Entrou em um elevador, vendo Nona posicionar a gata no outro. Não precisavam de despedidas se estariam ali em breve, só precisava se recordar. Será que encontraria com Decim na terra mundana? Esperava que sim, pois embora fosse para longe e não gostasse tanto – ao menos, dizia – dele, o barman de cabelos brancos ainda era o que conhecia, era a familiaridade que nunca alterava do lugar que gostava de estar.

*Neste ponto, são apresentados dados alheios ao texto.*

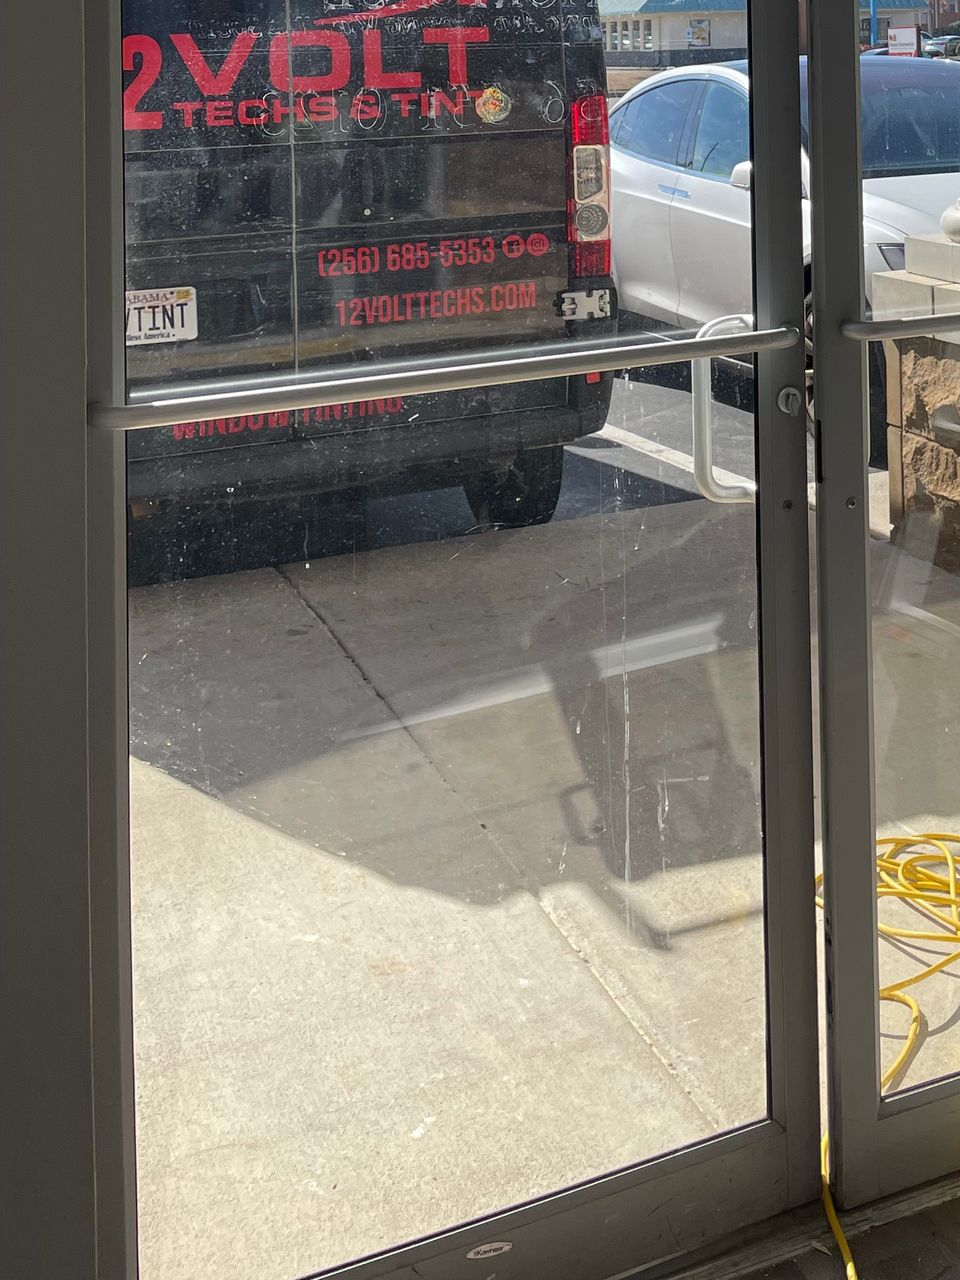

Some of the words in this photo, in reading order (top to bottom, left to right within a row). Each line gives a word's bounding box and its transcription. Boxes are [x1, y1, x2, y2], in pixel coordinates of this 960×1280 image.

Era o que conhecia contra o desconhecido. Será que ainda seria o seu lugar preferido? Ele só descobriria quando voltasse.

As portas cerraram.

Ninguém soube o que aconteceria, nem mesmo Chiyuki, pois não lembrava de outras encarnações, se tivesse tido alguma. Era a vez deles dois, ambos deram uma última e significativa olhada para o outro.

— Eu te encontro lá.

A voz de Chiyuki era um tranquilizador para seus possíveis receios. Ele a encontraria, sabia que sim, depois de tudo. Então, não conseguia mais vê-la por entrar em seu próprio elevador como a mulher de cabelos pretos no seu.

— Aproveite as experiências, viver e morrer, Decim, e torne-se o melhor juiz que nós teremos.

Assentiu com felicidade, pois era seu maior desejo. Agora, não tinha dúvidas, estava pronto. Nona sorrindo foi a última coisa que viu.